Our brains deal with a huge amount of information every day. In order to manage that information and make sense of it, our brains like to sort it into categories. This is very efficient, but sometimes that information gets mis-sorted.
I discovered the truth of this during a half marathon I ran several years ago. Looking around at the other runners, I noticed a wide variety of body types. In all the running magazines, the only body type you see is long and lean. At this race, there were huge, beefy men and short, plump women; fresh-faced teenagers, and sinewy grandparents. Right away, I subconsciously began making predictions on how well people would run.
The race began and as we got further and further into it, I watched as most of my predictions were proven wrong. The runners at the top were, as I had originally assumed, the long and lean people. But those of us in the middle were of all shapes and sizes. A short, plump woman passed me around kilometre 15, I passed a teenager at one point, and a man in his 70’s sped past me at the end. I was humbled and challenged by this experience. My stereotypes had failed me utterly.

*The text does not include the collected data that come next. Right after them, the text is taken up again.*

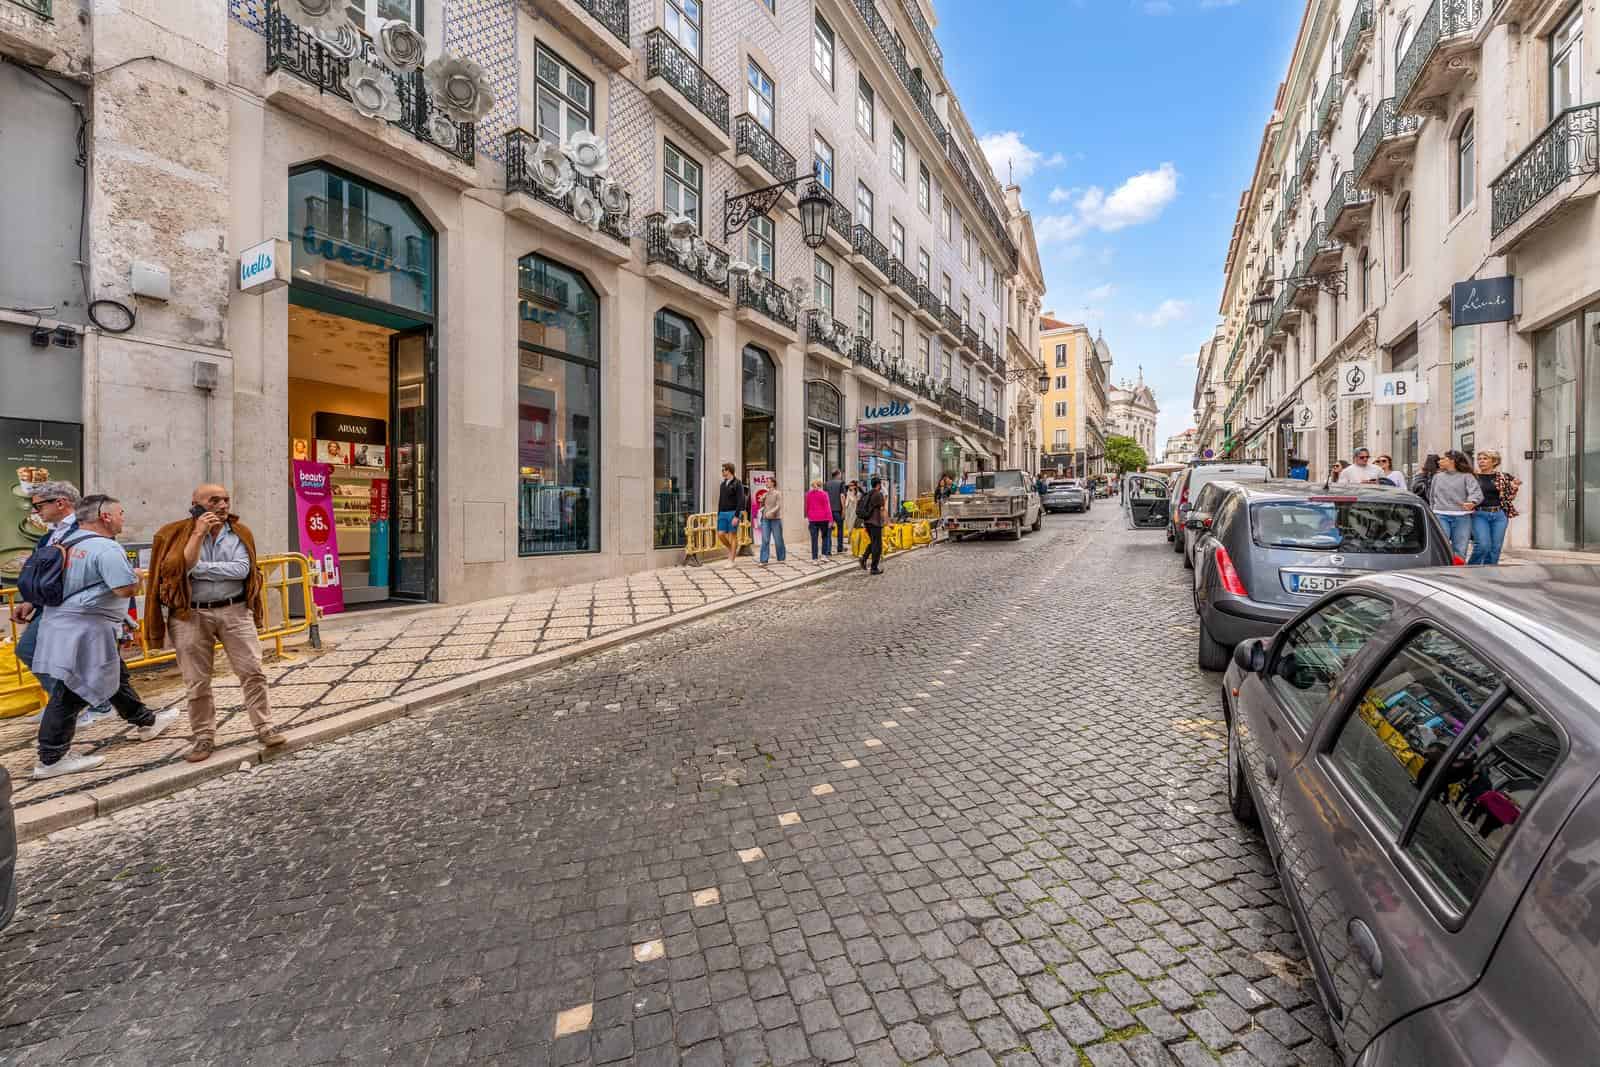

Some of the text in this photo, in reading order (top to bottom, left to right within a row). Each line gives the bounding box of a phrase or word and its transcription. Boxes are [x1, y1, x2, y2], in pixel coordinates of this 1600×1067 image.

[242, 253, 271, 280] wells
[1384, 380, 1406, 396] AB
[865, 400, 912, 418] wells
[338, 424, 367, 434] ARMANI
[299, 469, 326, 487] beauty

I find boudoir so inspiring because it challenges all my consciously and subconsciously held stereotypes. Quiet women aren’t always shy; loud, verbose women aren’t always confident; women who never wear makeup still like to dress up; sweet mothers of toddlers own faux-leather lingerie. It is all so fascinating and delightfully surprising.
I have chosen photos from this lovely lady’s session because she expresses herself in so many different ways, and she doesn’t fit into any stereotypes. She can be feminine and edgy; simple and complex; vulnerable and reserved. Thanks so much to C for sharing some of the many versions of herself with us!